Details are in the caption following the image
Postoperative appearance after thyroidectomy. This image shows the patient's neck 23 days after undergoing total thyroidectomy postpartum once stabilized from the acute respiratory distress.

4 DISCUSSION

The severity of the patient's respiratory compromise at 34 weeks, including low oxygen saturation, stridor, and jugular vein distension, raised concerns about her ability to tolerate expectant management for several more weeks. The gestational age of 34 weeks was far enough along that prematurity risks were judged acceptable compared with maternal respiratory risks of delayed delivery. Steroid administration accelerated fetal lung maturity, further supporting the likelihood of a good outcome with early delivery. Avoiding the risk of thyroid surgery in the third trimester was desirable, and thyroidectomy could be performed postpartum once the patient was stabilized without the same risks as operating at 34 weeks.

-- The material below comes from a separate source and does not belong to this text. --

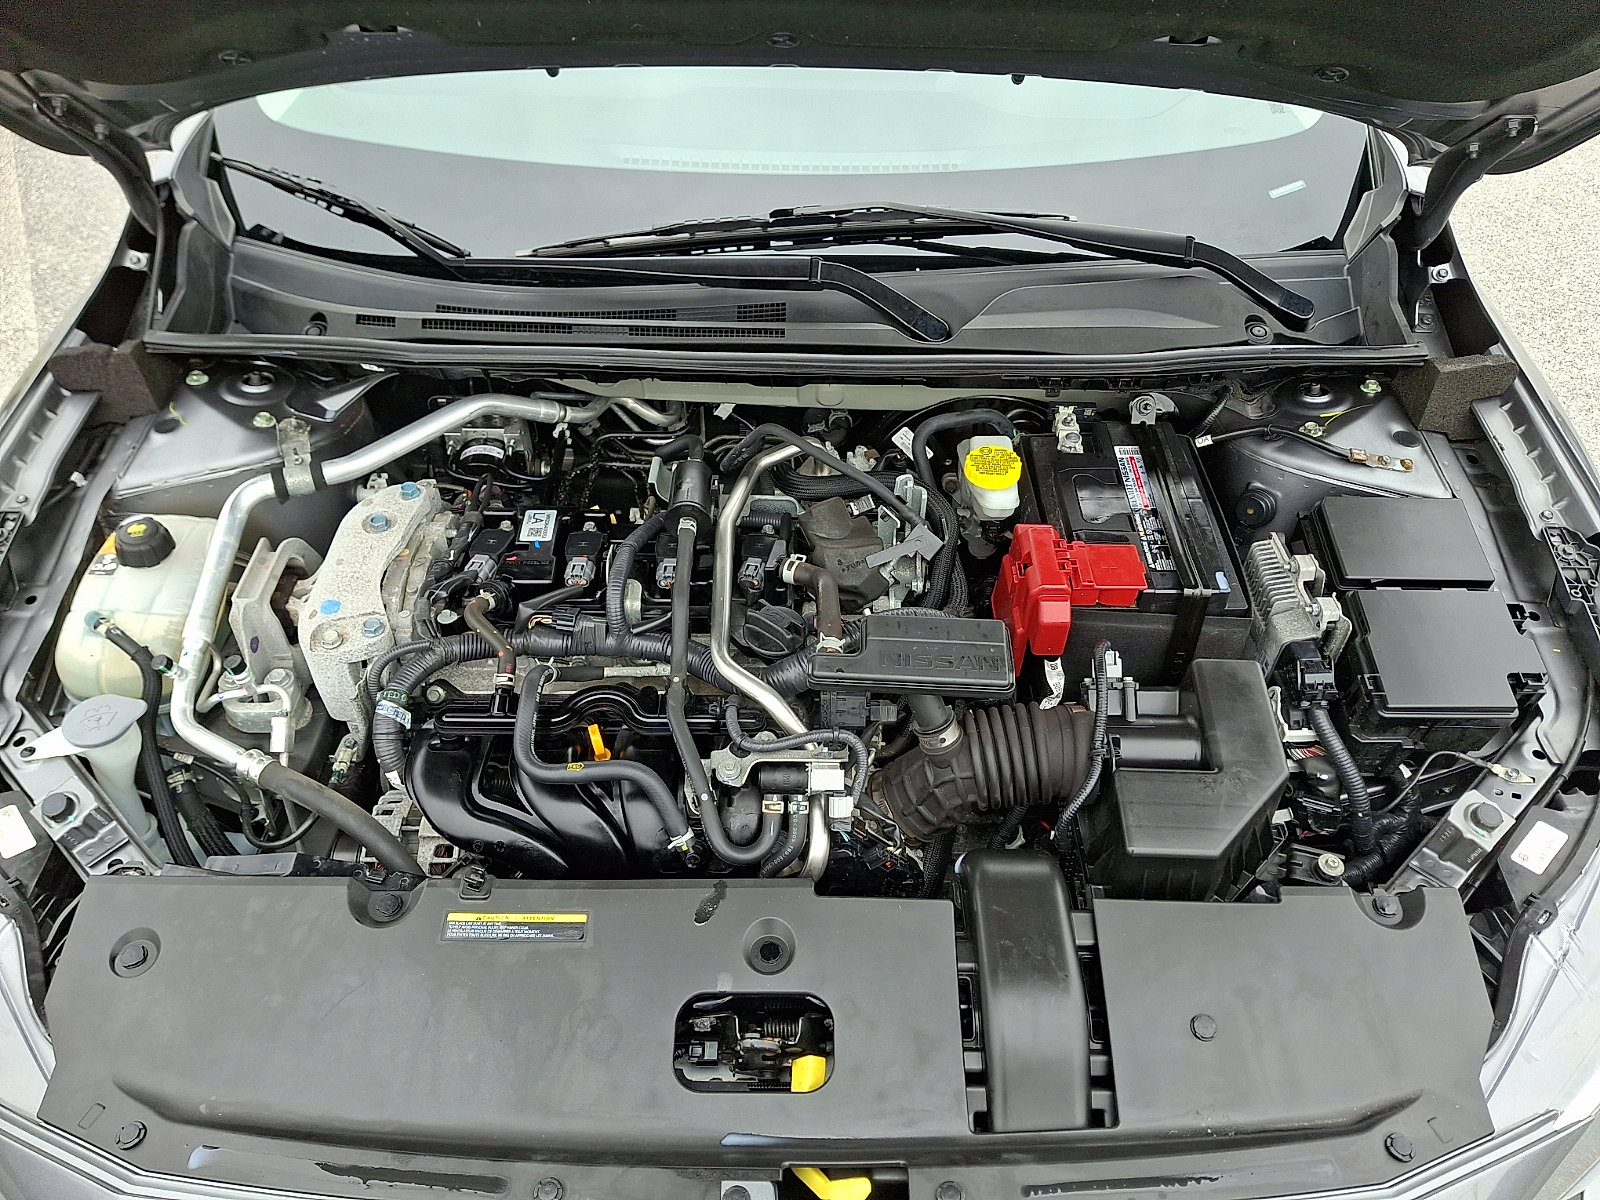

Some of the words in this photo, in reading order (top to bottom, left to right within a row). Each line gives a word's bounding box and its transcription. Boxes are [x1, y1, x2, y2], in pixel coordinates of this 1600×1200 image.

[1118, 457, 1131, 482] NISSAN
[532, 513, 545, 524] LA
[881, 652, 1002, 673] NISSAN
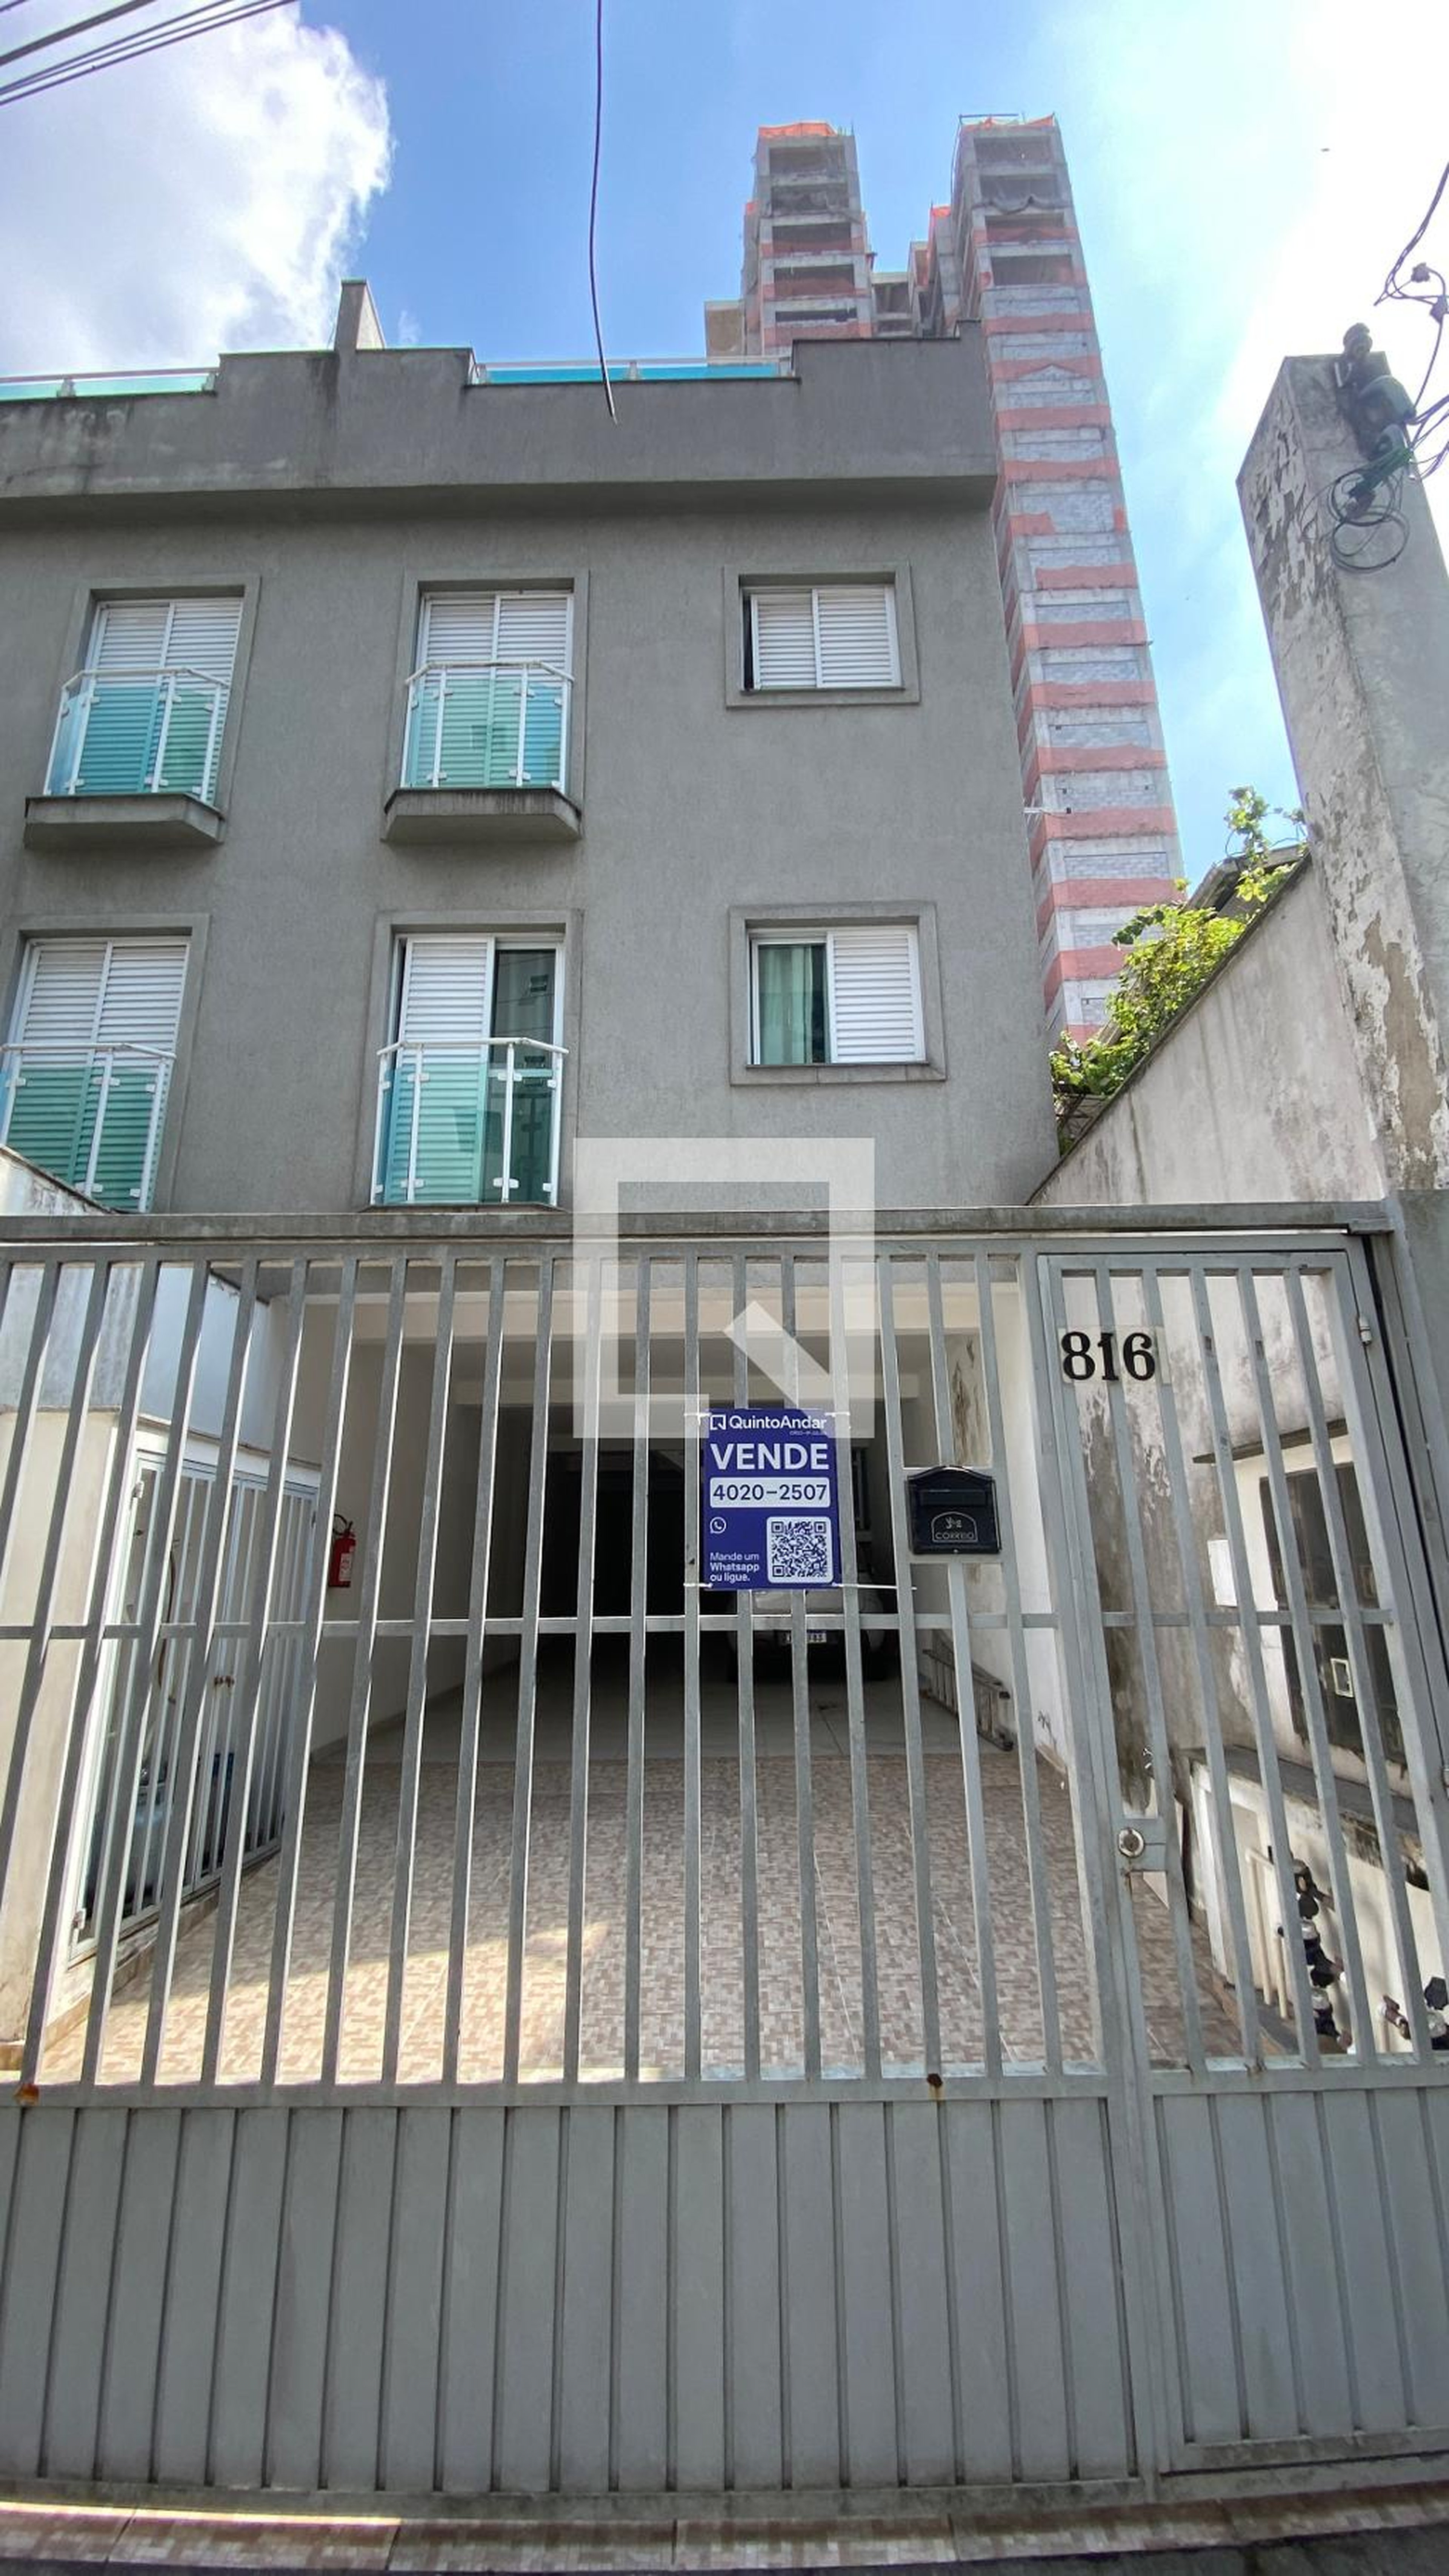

This case highlights the challenges of managing severe airway compression from long-standing neglected goiter presenting in late pregnancy. Despite the risks, we pursued vaginal delivery for urgent decompression, resulting in favorable outcomes. Most reported cases describe caesarean section in this scenario.9 However, our case aligns with limited evidence suggesting vaginal birth may be appropriate for selected patients if expectant management is precluded.6, 10 Close monitoring for fetal distress was prudent given prematurity and maternal compromise. Reassuringly, the premature infant had good Apgar scores, likely aided by antenatal steroids. The two-stage approach allowed fetal protection while providing definitive treatment. Postpartum thyroidectomy is essential to prevent recurrence and complications.10

This case demonstrates that with a coordinated multidisciplinary approach, airway decompression and delivery of a premature but healthy infant via vaginal birth are possible despite the high-risk scenario. It highlights the need for prompt care when managing this uncommon but life-threatening presentation in pregnancy.

5 CONCLUSION

This case illustrates the successful management of a rare but high-risk scenario—a neglected massive multinodular goiter causing severe airway compression in late pregnancy. Despite significant challenges, a coordinated multidisciplinary approach allowed stabilization, planned vaginal delivery for urgent decompression, and subsequent definitive thyroidectomy. This resulted in good outcomes for both the mother and premature but otherwise healthy newborn. The case adds to limited evidence that with appropriate patient selection, monitoring, and care team collaboration, vaginal birth can be considered to safely decompress the airway when expectant management is not feasible. This highlights the importance of prompt recognition and treatment when this life-threatening presentation occurs in pregnancy.

AUTHOR CONTRIBUTIONS

Maguzu L. Nganga: Conceptualization; data curation; investigation; methodology; writing – review and editing. Clement N. Mweya: Writing – original draft; writing – review and editing.

ACKNOWLEDGMENTS

We sincerely thank specialists and other staff in the Department of Obstetrics and Gynaecology at Mbeya Zonal Referral Hospital for their invaluable contributions and feedback, which greatly enhanced the quality of this work.

    FUNDING INFORMATION

    The author(s) received no financial support for this work.

    CONFLICT OF INTEREST STATEMENT

    All authors report no conflicts of interest with respect to the research, authorship, and/or publication of this article.

    CONSENT

    Written informed consent was obtained from the patient to publish this report in accordance with the journal's patient consent policy.

    DATA AVAILABILITY STATEMENT

    The data that support the findings of this study are available on request from the corresponding author.